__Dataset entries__
------------------------------------------------

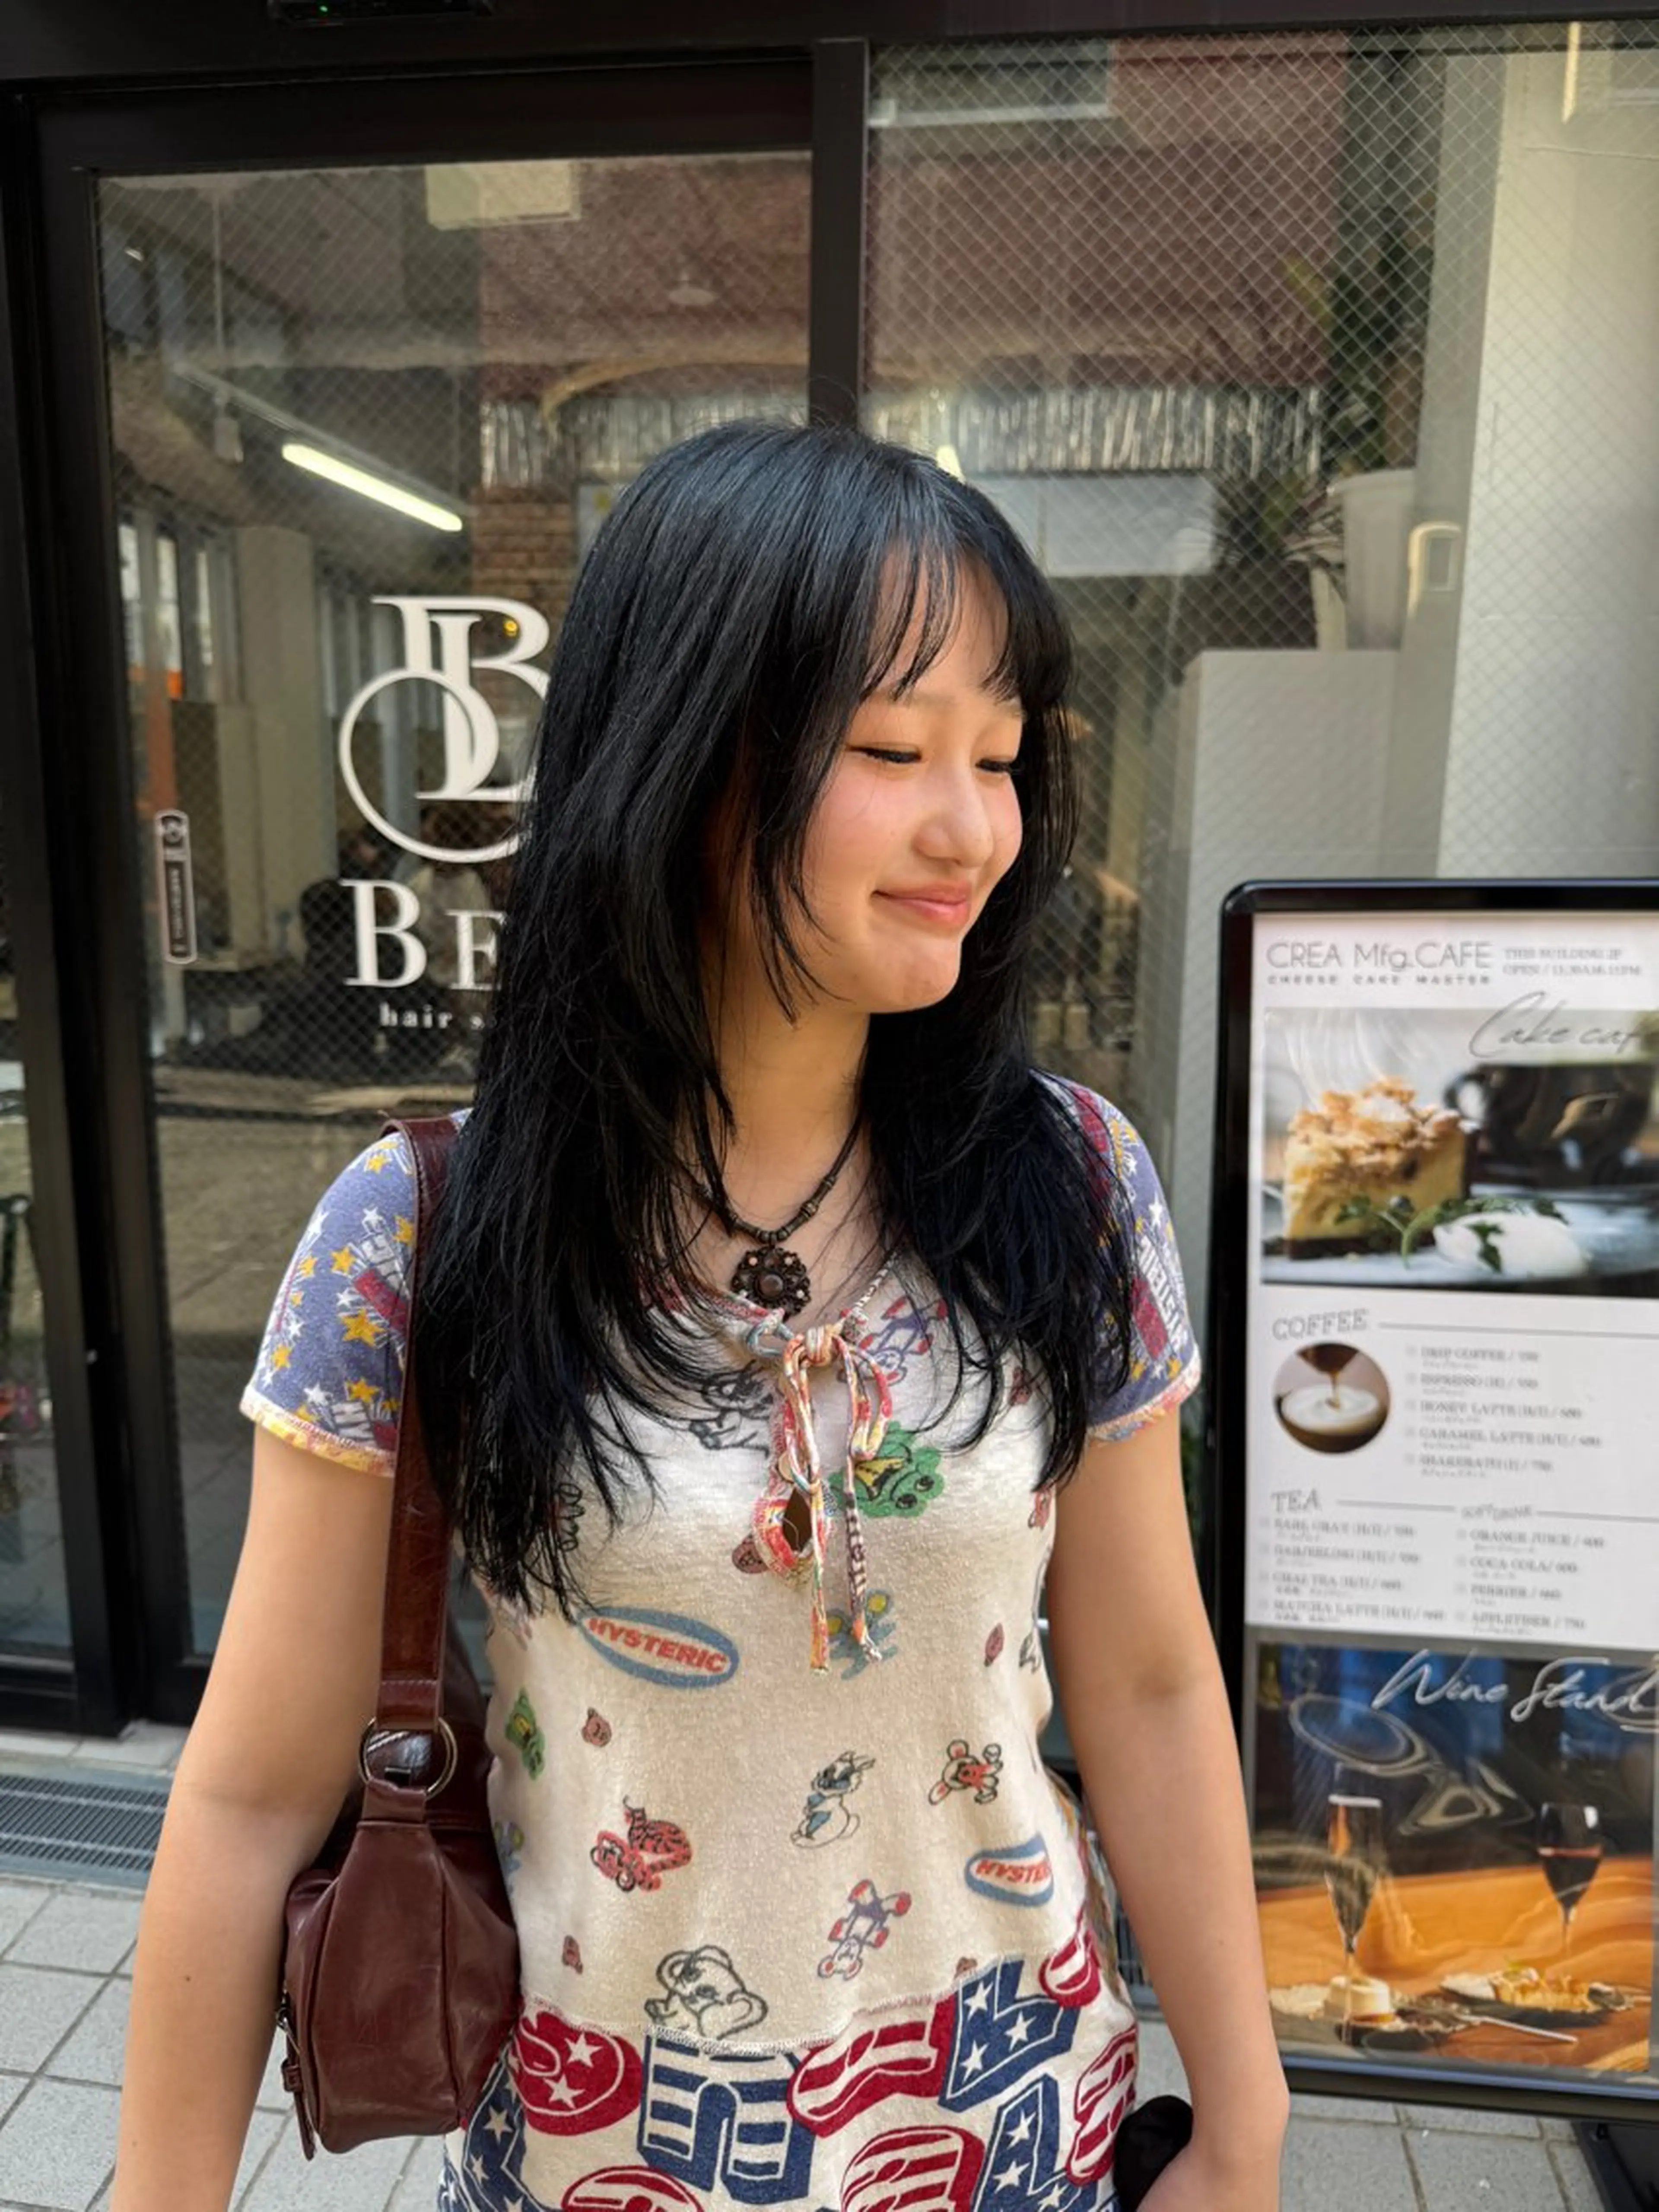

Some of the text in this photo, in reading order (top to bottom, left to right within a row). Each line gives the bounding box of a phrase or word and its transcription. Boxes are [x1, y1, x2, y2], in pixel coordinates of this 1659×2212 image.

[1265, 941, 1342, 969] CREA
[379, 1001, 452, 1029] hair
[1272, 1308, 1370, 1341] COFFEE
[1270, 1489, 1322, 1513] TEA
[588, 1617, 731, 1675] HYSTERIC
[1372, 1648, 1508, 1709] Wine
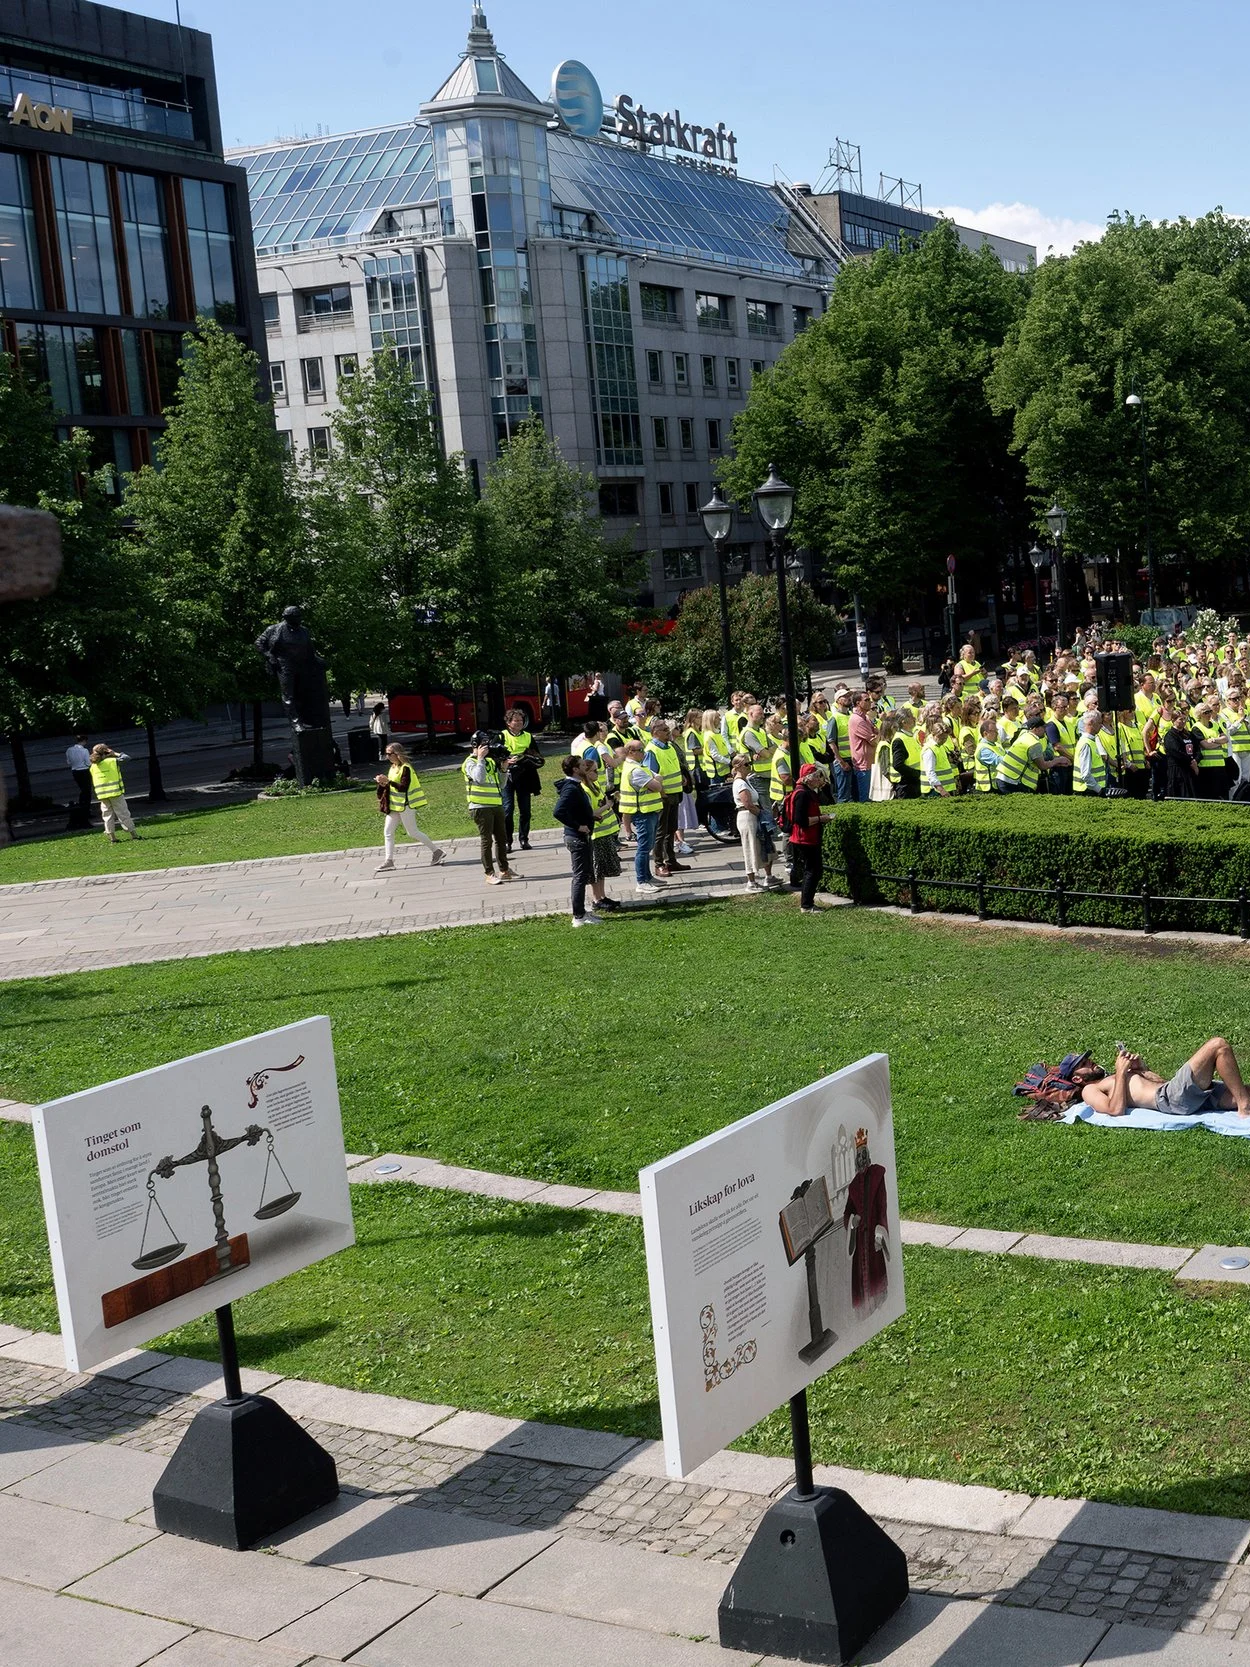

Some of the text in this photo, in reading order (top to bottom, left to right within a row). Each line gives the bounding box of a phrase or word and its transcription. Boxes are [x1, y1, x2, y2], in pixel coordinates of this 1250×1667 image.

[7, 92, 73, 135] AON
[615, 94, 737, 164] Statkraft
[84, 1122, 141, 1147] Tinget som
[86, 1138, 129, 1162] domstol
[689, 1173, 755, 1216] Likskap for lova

------------------------------------------------

__PROBLEM STATEMENT__
Drop the images and return the data verbatim.

__SOLVED EXERCISE__
Some of the text in this photo, in reading order (top to bottom, left to right within a row). Each line gives the bounding box of a phrase or word and its transcription. Boxes are [x1, y1, x2, y2], in pixel coordinates of this 1659×2212 image.

[1265, 941, 1342, 969] CREA
[379, 1001, 452, 1029] hair
[1272, 1308, 1370, 1341] COFFEE
[1270, 1489, 1322, 1513] TEA
[588, 1617, 731, 1675] HYSTERIC
[1372, 1648, 1508, 1709] Wine

Some of the text in this photo, in reading order (top to bottom, left to right within a row). Each line gives the bounding box of a phrase or word and its transcription. Boxes are [x1, y1, x2, y2], in pixel coordinates of this 1250×1667 image.

[7, 92, 73, 135] AON
[615, 94, 737, 164] Statkraft
[84, 1122, 141, 1147] Tinget som
[86, 1138, 129, 1162] domstol
[689, 1173, 755, 1216] Likskap for lova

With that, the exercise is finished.